High Time for Haggis

nick Haggis, Neeps and tatties

I had high hopes for 2022, but they have already been dashed, thanks to the extra-contagious fifth wave.  All my revelry has been solitary, locked away in my windowless wine cellar with nothing but the occasional Zoom call for companionship.  Even my annual haggis-filled bacchanalia has been cancelled!

This January 25th marks the 263rd birthday of Robbie Burns, Scotland’s most famous poet/writer, considered the great national bard of the kilt-wearing folk.  His birthday is considered one of the most important holidays in Scotland, and is celebrated by those of Scottish descent the world over.  

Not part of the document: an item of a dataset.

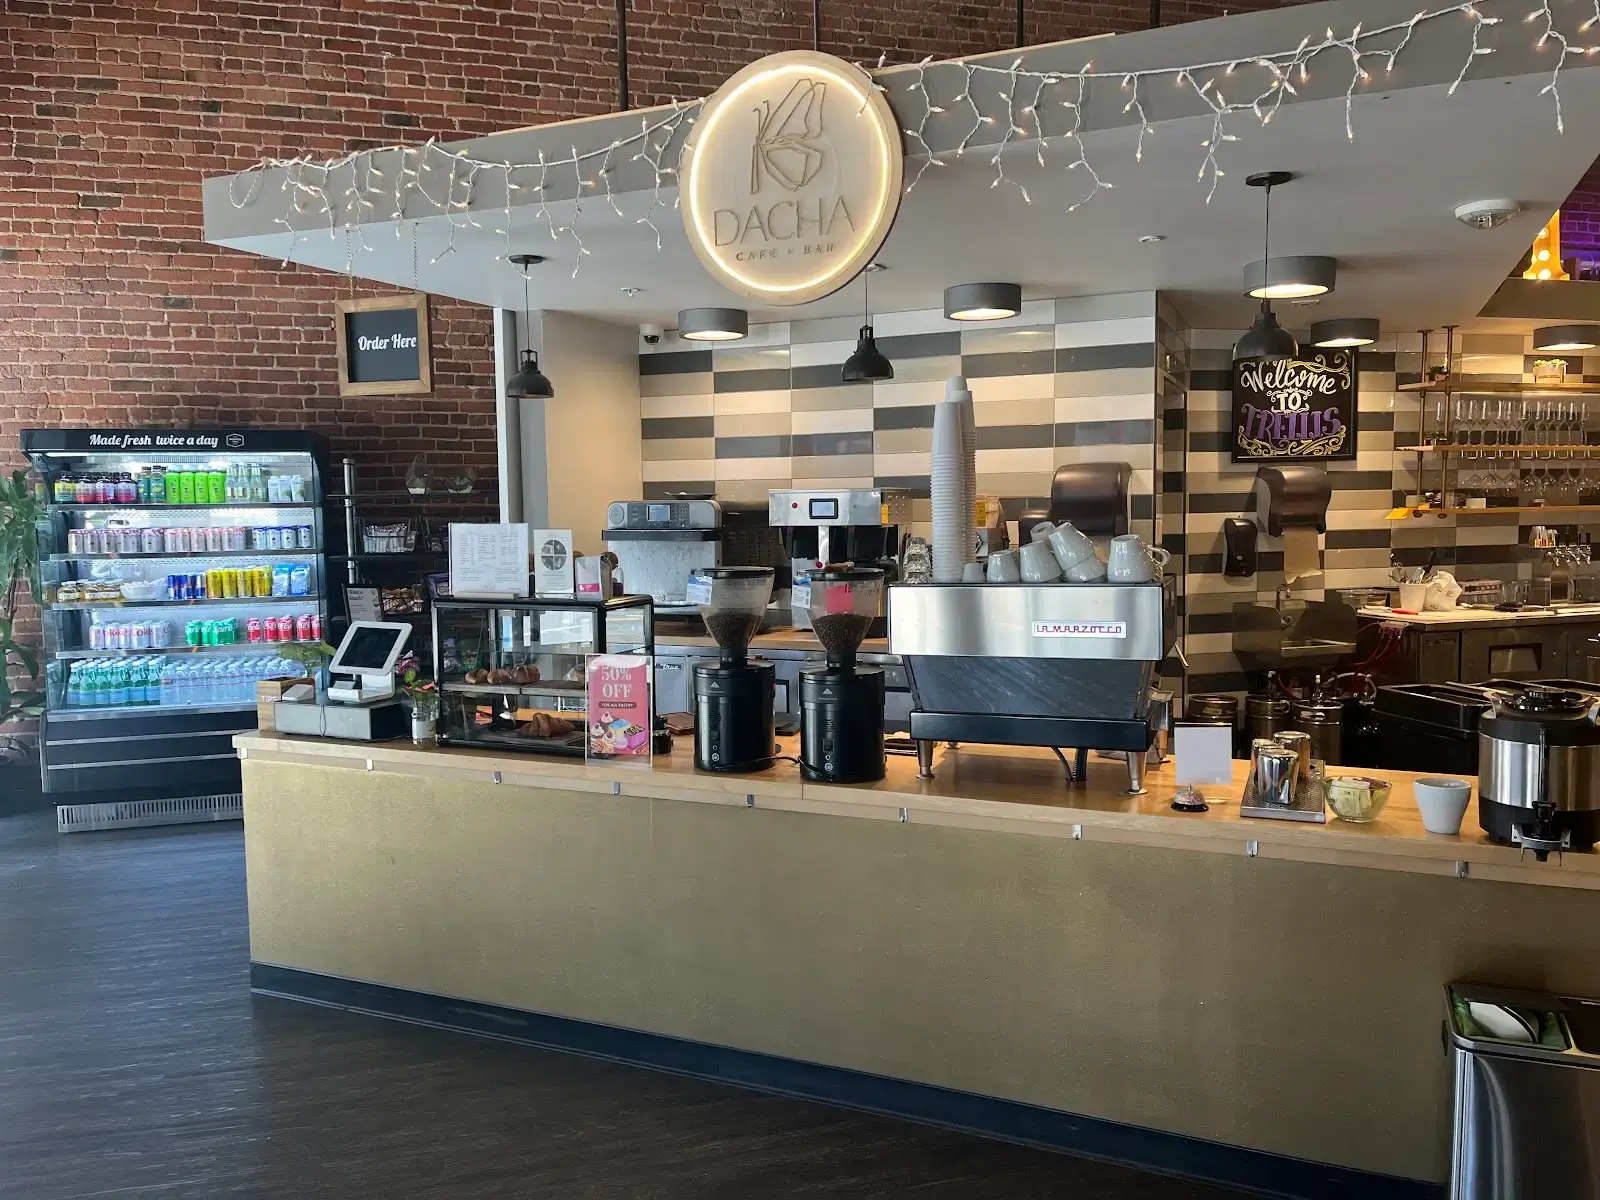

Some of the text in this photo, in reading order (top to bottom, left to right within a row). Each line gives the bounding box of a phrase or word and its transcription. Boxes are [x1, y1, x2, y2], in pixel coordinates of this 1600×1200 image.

Sadly, this will be the second year in a row that that my long-standing tradition of hosting a Burns Supper will be missed, a raucous evening of Scottish cuisine, poetry, and of course, plenty of Scotch Whisky.  There will be no piping hot haggis accompanied by the shrill ululation of bagpipes, no cock-a-leekie soup, and definitely no wee drams of the finest whiskies the world has to offer.

Robbie Burns was born on January 25, 1759 to peasant farmers in Alloway, and turned to writing poetry to escape the hardships of poverty and subsistence farming.  He eventually rose to the status of cultural icon in Scotland, loved by rich and poor alike.  His Scots Wae Hae lyrics were used as an unofficial national anthem for decades, but he is most recognized in North America for his poem Auld Lang Syne, the tune made famous by drunken revelers every New Year’s Eve.

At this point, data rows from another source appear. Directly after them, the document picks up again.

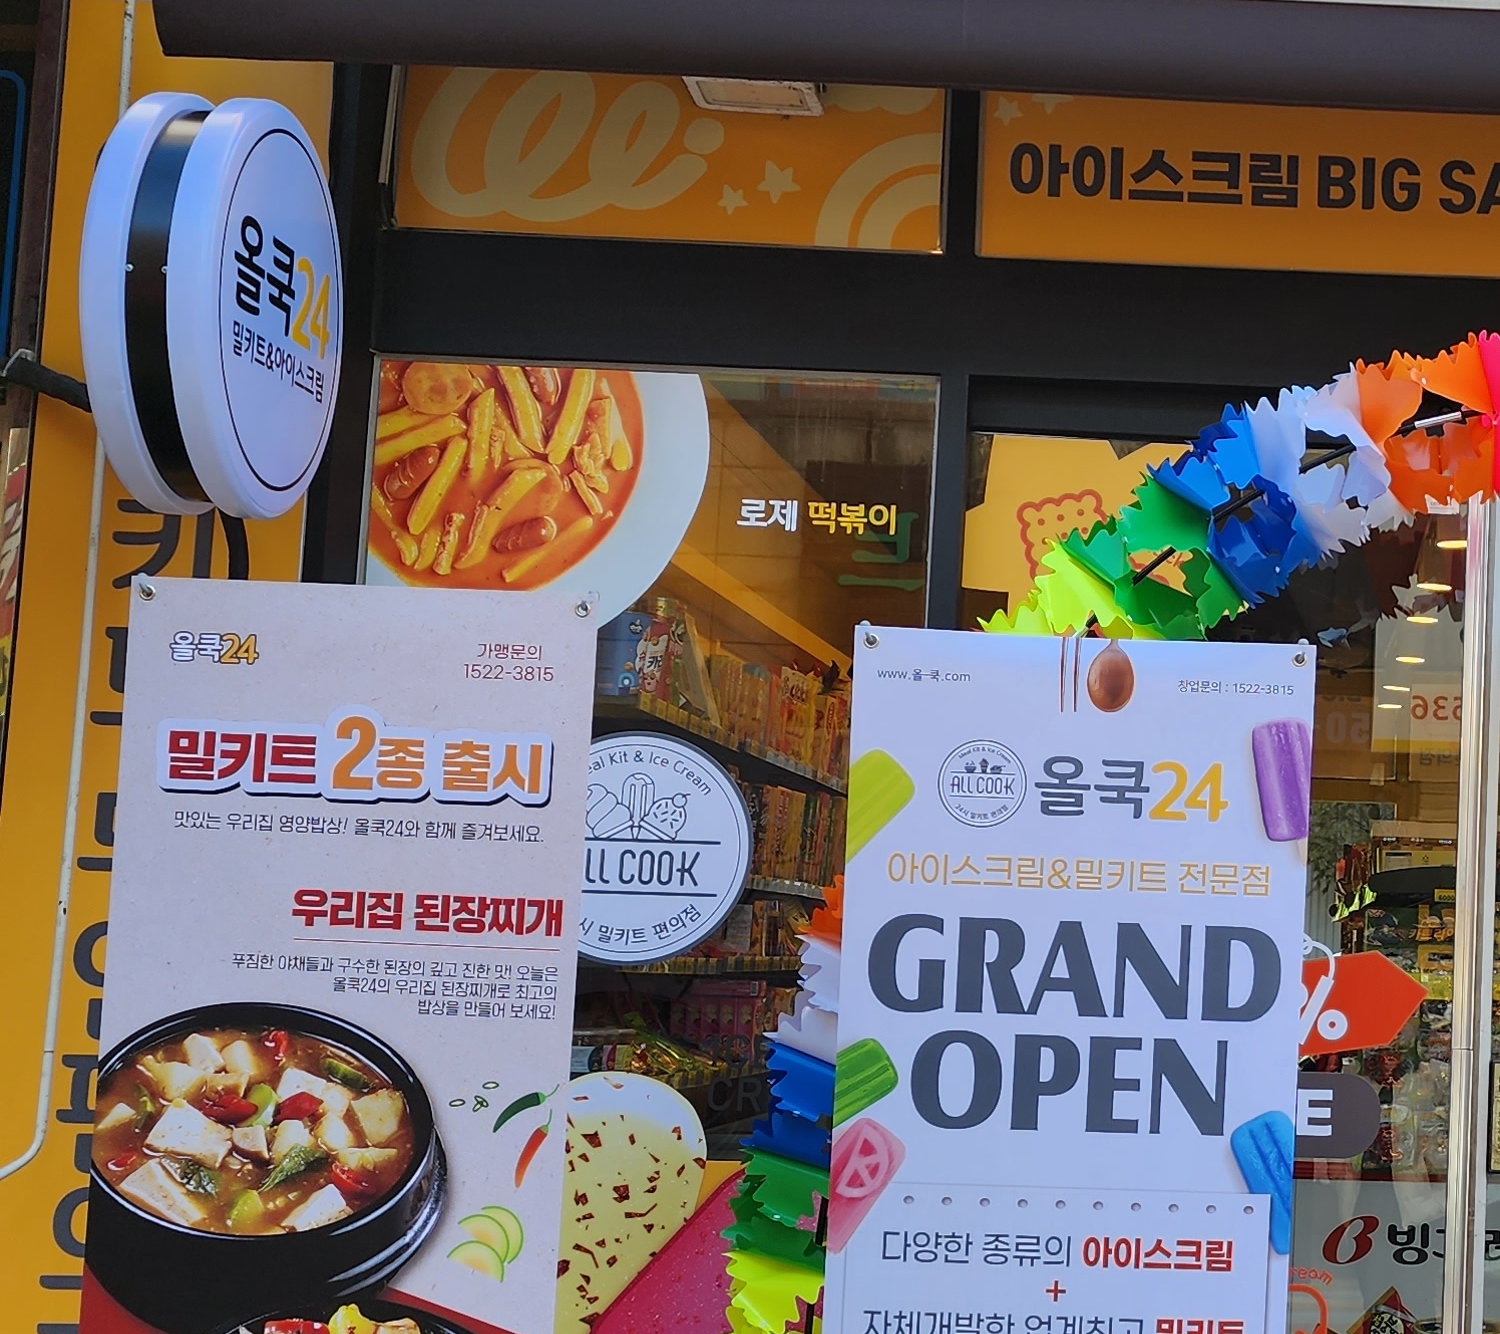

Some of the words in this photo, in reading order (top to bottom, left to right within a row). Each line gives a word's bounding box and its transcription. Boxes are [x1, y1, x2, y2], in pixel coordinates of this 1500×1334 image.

[1009, 141, 1299, 210] 아이스크림
[1316, 154, 1421, 213] BIG
[235, 215, 331, 359] 올쿡24
[231, 319, 325, 405] 밀키트&아이스크림
[736, 498, 798, 532] 로제
[806, 500, 898, 536] 떡볶이
[169, 630, 259, 665] 올쿡24
[477, 642, 542, 662] 가맹문의
[464, 663, 555, 683] 1522-3815
[1178, 679, 1222, 693] 창업문의
[1232, 683, 1294, 695] 1522-3815
[168, 729, 317, 783] 밀키트
[332, 716, 425, 791] 2종
[442, 740, 543, 795] 출시
[608, 751, 628, 765] Kit
[634, 751, 644, 762] &
[649, 751, 669, 767] Ice
[673, 760, 712, 796] Cream
[950, 775, 973, 794] ALL
[976, 776, 1015, 796] COOK
[1034, 755, 1229, 823] 올쿡24
[174, 810, 221, 831] 맛있는
[226, 813, 274, 833] 우리집
[279, 814, 348, 837] 영양밥상!
[354, 817, 420, 839] 올쿡24와
[425, 820, 457, 842] 함께
[461, 822, 544, 844] 즐겨보세요.
[619, 849, 700, 886] COOK
[887, 851, 1168, 894] 아이스크림&밀키트
[1178, 862, 1271, 897] 전문점
[291, 890, 403, 931] 우리집
[414, 894, 563, 937] 된장찌개
[598, 926, 648, 945] 밀키트
[652, 903, 701, 941] 편의점
[232, 953, 274, 971] 푸짐한
[278, 954, 334, 974] 야채들과
[338, 956, 380, 976] 구수한
[384, 958, 425, 978] 된장의
[430, 959, 458, 978] 깊고
[461, 961, 491, 979] 진한
[494, 962, 512, 980] 맛!
[516, 963, 558, 982] 오늘은
[332, 975, 390, 994] 올쿡24의
[394, 978, 436, 996] 우리집
[441, 980, 511, 999] 된장찌개로
[515, 983, 557, 1002] 최고의
[867, 913, 1282, 1022] GRAND
[418, 999, 459, 1018] 밥상을
[463, 1000, 506, 1019] 만들어
[510, 1002, 556, 1021] 보세요!
[910, 1029, 1229, 1137] OPEN
[881, 1230, 973, 1264] 다양한
[982, 1235, 1072, 1268] 종류의
[1082, 1235, 1234, 1272] 아이스크림

Scottish emigration through the ages has resulted in 30 million people of Scottish ancestry living overseas, vastly outnumbering the 5 million people in Scotland proper.  

Canada alone has 4 million people of Scottish ancestry – almost as many as Scotland!  Nova Scotia (Latin for New Scotland) is home to large numbers of both Highland and Lowland Scots, and Scottish culture has continued to flourish there.  

In those carefree pre-pandemic times, I would host a Burns Supper every year, toiling for hours in the kitchen to prepare the traditional fare of cock-a-leekie soup, tatties & neeps, mashed potatoes, and of course, haggis.  When the unruly posse of my regular drinking companions would arrive for a night of Scottish libations and culture, they bear less resemblance to a group of poetry fans than a boisterous Scottish clan returning from a fortnight of fasting on the blasted heath with MacBeth himself, such was the vigour with which they attacked the haggis and applaud the obligatory bagpipe music.

This year was much quieter affair, but I am happy to report that haggis was enjoyed by all, although served up in my leftover takeout containers.  Rather than hosting my regular Burns Supper, I prepared the haggis at home, then made curbside deliveries to the usual suspects, along with a selection of those adorable little mini Scotch bottles I had leftover from an Xmas Whiskey Advent Calendar that Santa thoughtfully delivered last month.

Although we could not raise the Glencairn glasses together in person this year, I gathered the usual suspects on a Zoom call for online whisky tasting and poetry reading to honour the immortal memory of the Scottish bard, and there was much rejoicing while the haggis was consumed.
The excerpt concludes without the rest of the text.